Aargau

In der Lokalpolitik zählen Parteiprogramme nicht

Wer hat das Sagen in der Politik? Wenn es um Spielplätze oder Feuerwehrmagazine geht, bleiben SVP, FDP und Co. oft aussen vor. Die Gemeinden werden zunehmend von Parteilosen regiert.

Urs Moser

Die stärkste Partei im Kanton? Ganz klar die SVP. 32 Prozent Wähleranteil eroberte sie bei den Grossratswahlen im März, doppelt so viel wie SP, CVP und FDP. Auf Gemeindeebene, wo es um die Geschäfte des Alltags geht, spielt das keine Rolle. Oder genauer: eine immer kleinere. Wie eine neue Umfrage der Universitäten Zürich, Bern und Lausanne ergab, wenden sich immer mehr Lokalpolitiker von den traditionellen Parteien ab. In der Deutschschweiz besetzen Parteilose schon gut 34 Prozent der Gemeinderatssitze, im Aargau sind es sogar fast 43 Prozent. Die Parteilosen erobern die Gemeinde-Exekutiven

Zum Beispiel in Bellikon. Alle fünf Ratsmitglieder sind parteilos. Vergeblich versuchte letztes Jahr ein SVP-Kandidat in einer Ersatzwahl ein Mandat zu erobern. In seiner Gemeinde hätten Parteien noch nie eine Rolle gespielt, sagt Gemeindeammann Hans Peter Kurth. Sein Engagement und das der Gemeinderatskollegen gelte der Weiterentwicklung des Dorfs, Parteigeplänkel spiele da keine Rolle. Er selber stehe je nach Thema mal dieser, mal einer anderen Partei näher. Aber: «Die Partei, der ich mich zuordnen würde, gibt es nicht.»

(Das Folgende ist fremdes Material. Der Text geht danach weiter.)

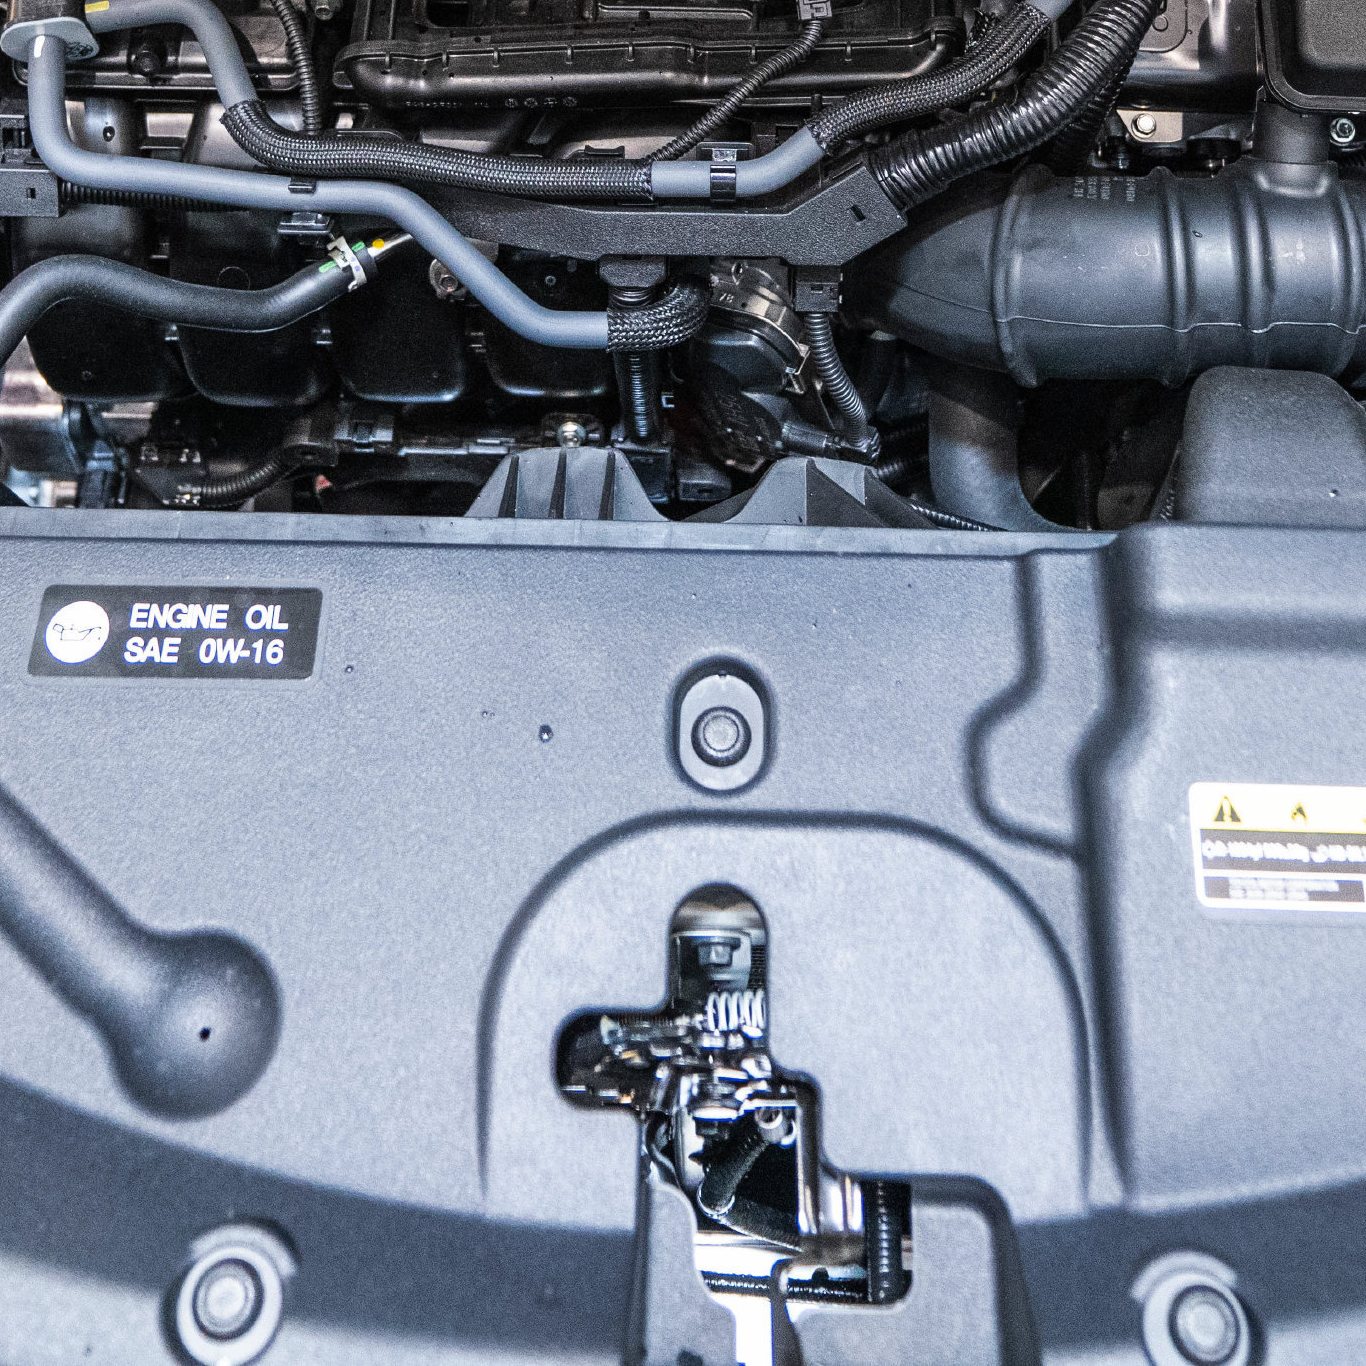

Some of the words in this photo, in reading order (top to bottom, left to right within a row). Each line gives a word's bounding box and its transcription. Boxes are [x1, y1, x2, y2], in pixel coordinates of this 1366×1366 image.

Bellikon zählt gut 1500 Einwohner. Gerade in kleinen Gemeinden funktioniert die Lokalpolitik losgelöst von Parteiinteressen, während in städtischen Gebieten die Parteien nach wie vor wichtig sind. In den ganz kleinen Aargauer Gemeinden mit weniger als 1000 Einwohnern gehören 85 Prozent der Gemeinderäte keiner Partei an. Auch in Dörfern mit 1000 bis 2000 Einwohnern haben die Parteilosen die absolute Mehrheit (53 Prozent). In den Städten und Gemeinden mit mehr als 10 000 Einwohnern sind dagegen nach wie vor 86 Prozent der Exekutiv-Mitglieder Parteivertreter.

Da ist Zofingens Stadtammann Hans-Ruedi Hottiger schon eine Ausnahme. Er sitzt neu auch im Grossen Rat und hat sich dort der CVP-Fraktion angeschlossen, wurde aber 2004 als Parteiloser in den Zofinger Stadtrat und 2006 zum Stadtammann gewählt. Auf diese Unabhängigkeit legt er auch Wert: «Ein Exekutivamt ist eine Führungs-, Verwaltungs- und Organisationsaufgabe, da spielt die Parteipolitik eine untergeordnete Rolle. Ich will wegen meiner Qualifikation für das Amt gewählt werden, nicht wegen einer Parteifarbe.»

Freie Wähler statt Freisinnige, Volksbewegung statt Volkspartei. Der Vormarsch der Parteilosen ist von lokalen Zusammenschlüssen ausserhalb des traditionellen Parteienspektrums begleitet. Wie in Hunzenschwil, wo schon 1981 die Einwohnervereinigung Hunzenschwil gegründet wurde, die seither immer im Gemeinderat vertreten war und heute am meisten Mitglieder in den Gemeindeorganen von Schulpflege bis Forstkommission stellt. Früher sei es auch hier so gewesen, dass bei der Besetzung einer Vakanz die Parteifarbe stimmen musste. Diesen Rahmen habe man sprengen wollen, sagt Gemeinderätin Silvana Richner. «In einer Partei wird oft das kleinste Ausscheren bestraft, ich könnte mich nicht auf ein Parteibüchlein verpflichten», so Richner. In der Einwohnervereinigung gebe es dagegen ein breites Meinungsspektrum. Hier gehe es darum, das ganze Potenzial an Leuten auszuschöpfen, die mit einem Engagement zum Gemein(de)wohl beitragen können.